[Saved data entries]

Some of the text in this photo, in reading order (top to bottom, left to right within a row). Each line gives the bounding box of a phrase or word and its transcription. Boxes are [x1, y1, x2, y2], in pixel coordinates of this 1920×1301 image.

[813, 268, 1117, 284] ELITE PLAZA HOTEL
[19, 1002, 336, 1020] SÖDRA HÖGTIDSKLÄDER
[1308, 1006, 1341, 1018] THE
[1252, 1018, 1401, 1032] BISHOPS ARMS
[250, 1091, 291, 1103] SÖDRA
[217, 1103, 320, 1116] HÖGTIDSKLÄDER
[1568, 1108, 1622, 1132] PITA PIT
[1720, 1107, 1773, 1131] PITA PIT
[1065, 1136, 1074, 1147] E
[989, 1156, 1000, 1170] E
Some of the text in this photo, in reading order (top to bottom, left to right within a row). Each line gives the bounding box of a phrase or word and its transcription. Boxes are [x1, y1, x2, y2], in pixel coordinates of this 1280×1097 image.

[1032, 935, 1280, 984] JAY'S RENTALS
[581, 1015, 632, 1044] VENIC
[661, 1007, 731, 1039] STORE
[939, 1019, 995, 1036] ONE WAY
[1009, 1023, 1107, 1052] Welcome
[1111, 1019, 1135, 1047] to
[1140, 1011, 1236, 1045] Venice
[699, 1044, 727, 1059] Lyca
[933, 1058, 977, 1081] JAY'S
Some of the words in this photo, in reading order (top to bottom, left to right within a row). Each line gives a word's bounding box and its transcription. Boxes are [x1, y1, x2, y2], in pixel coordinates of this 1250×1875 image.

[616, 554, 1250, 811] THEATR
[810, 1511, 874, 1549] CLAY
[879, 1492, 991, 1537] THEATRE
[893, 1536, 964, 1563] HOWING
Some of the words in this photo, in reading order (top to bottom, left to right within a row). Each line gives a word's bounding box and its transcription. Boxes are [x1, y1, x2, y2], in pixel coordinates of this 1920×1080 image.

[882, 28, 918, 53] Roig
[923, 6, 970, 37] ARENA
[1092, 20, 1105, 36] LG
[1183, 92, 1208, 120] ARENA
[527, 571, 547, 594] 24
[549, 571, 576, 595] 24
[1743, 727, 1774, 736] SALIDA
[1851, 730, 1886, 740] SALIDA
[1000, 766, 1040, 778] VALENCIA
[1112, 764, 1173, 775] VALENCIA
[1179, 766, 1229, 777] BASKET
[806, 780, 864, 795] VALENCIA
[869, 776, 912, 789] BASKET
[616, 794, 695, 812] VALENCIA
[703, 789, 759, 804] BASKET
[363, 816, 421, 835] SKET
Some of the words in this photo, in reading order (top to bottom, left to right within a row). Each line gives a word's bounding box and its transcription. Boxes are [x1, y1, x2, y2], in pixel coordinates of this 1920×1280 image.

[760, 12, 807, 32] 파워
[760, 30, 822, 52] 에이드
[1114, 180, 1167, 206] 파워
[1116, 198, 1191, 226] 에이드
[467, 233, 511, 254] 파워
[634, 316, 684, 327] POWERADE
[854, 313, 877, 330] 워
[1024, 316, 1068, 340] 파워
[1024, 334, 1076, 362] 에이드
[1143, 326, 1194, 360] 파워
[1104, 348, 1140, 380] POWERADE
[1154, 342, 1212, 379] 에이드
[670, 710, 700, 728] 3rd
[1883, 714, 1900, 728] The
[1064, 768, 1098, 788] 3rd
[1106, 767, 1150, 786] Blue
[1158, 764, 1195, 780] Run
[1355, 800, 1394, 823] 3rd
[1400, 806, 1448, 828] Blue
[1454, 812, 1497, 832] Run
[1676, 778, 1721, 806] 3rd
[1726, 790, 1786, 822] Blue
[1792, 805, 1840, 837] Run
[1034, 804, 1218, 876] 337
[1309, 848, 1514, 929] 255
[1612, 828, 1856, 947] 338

*TRY IT*.
Write out the records again so that each line matches the original exactly.

*SOLUTION FOR THIS PROBLEM*.
Some of the text in this photo, in reading order (top to bottom, left to right within a row). Each line gives the bounding box of a phrase or word and its transcription. Boxes are [x1, y1, x2, y2], in pixel coordinates of this 1920×1301 image.

[813, 268, 1117, 284] ELITE PLAZA HOTEL
[19, 1002, 336, 1020] SÖDRA HÖGTIDSKLÄDER
[1308, 1006, 1341, 1018] THE
[1252, 1018, 1401, 1032] BISHOPS ARMS
[250, 1091, 291, 1103] SÖDRA
[217, 1103, 320, 1116] HÖGTIDSKLÄDER
[1568, 1108, 1622, 1132] PITA PIT
[1720, 1107, 1773, 1131] PITA PIT
[1065, 1136, 1074, 1147] E
[989, 1156, 1000, 1170] E
Some of the text in this photo, in reading order (top to bottom, left to right within a row). Each line gives the bounding box of a phrase or word and its transcription. Boxes are [x1, y1, x2, y2], in pixel coordinates of this 1280×1097 image.

[1032, 935, 1280, 984] JAY'S RENTALS
[581, 1015, 632, 1044] VENIC
[661, 1007, 731, 1039] STORE
[939, 1019, 995, 1036] ONE WAY
[1009, 1023, 1107, 1052] Welcome
[1111, 1019, 1135, 1047] to
[1140, 1011, 1236, 1045] Venice
[699, 1044, 727, 1059] Lyca
[933, 1058, 977, 1081] JAY'S
Some of the words in this photo, in reading order (top to bottom, left to right within a row). Each line gives a word's bounding box and its transcription. Boxes are [x1, y1, x2, y2], in pixel coordinates of this 1250×1875 image.

[616, 554, 1250, 811] THEATR
[810, 1511, 874, 1549] CLAY
[879, 1492, 991, 1537] THEATRE
[893, 1536, 964, 1563] HOWING
Some of the words in this photo, in reading order (top to bottom, left to right within a row). Each line gives a word's bounding box and its transcription. Boxes are [x1, y1, x2, y2], in pixel coordinates of this 1920×1080 image.

[882, 28, 918, 53] Roig
[923, 6, 970, 37] ARENA
[1092, 20, 1105, 36] LG
[1183, 92, 1208, 120] ARENA
[527, 571, 547, 594] 24
[549, 571, 576, 595] 24
[1743, 727, 1774, 736] SALIDA
[1851, 730, 1886, 740] SALIDA
[1000, 766, 1040, 778] VALENCIA
[1112, 764, 1173, 775] VALENCIA
[1179, 766, 1229, 777] BASKET
[806, 780, 864, 795] VALENCIA
[869, 776, 912, 789] BASKET
[616, 794, 695, 812] VALENCIA
[703, 789, 759, 804] BASKET
[363, 816, 421, 835] SKET
Some of the words in this photo, in reading order (top to bottom, left to right within a row). Each line gives a word's bounding box and its transcription. Boxes are [x1, y1, x2, y2], in pixel coordinates of this 1920×1280 image.

[760, 12, 807, 32] 파워
[760, 30, 822, 52] 에이드
[1114, 180, 1167, 206] 파워
[1116, 198, 1191, 226] 에이드
[467, 233, 511, 254] 파워
[634, 316, 684, 327] POWERADE
[854, 313, 877, 330] 워
[1024, 316, 1068, 340] 파워
[1024, 334, 1076, 362] 에이드
[1143, 326, 1194, 360] 파워
[1104, 348, 1140, 380] POWERADE
[1154, 342, 1212, 379] 에이드
[670, 710, 700, 728] 3rd
[1883, 714, 1900, 728] The
[1064, 768, 1098, 788] 3rd
[1106, 767, 1150, 786] Blue
[1158, 764, 1195, 780] Run
[1355, 800, 1394, 823] 3rd
[1400, 806, 1448, 828] Blue
[1454, 812, 1497, 832] Run
[1676, 778, 1721, 806] 3rd
[1726, 790, 1786, 822] Blue
[1792, 805, 1840, 837] Run
[1034, 804, 1218, 876] 337
[1309, 848, 1514, 929] 255
[1612, 828, 1856, 947] 338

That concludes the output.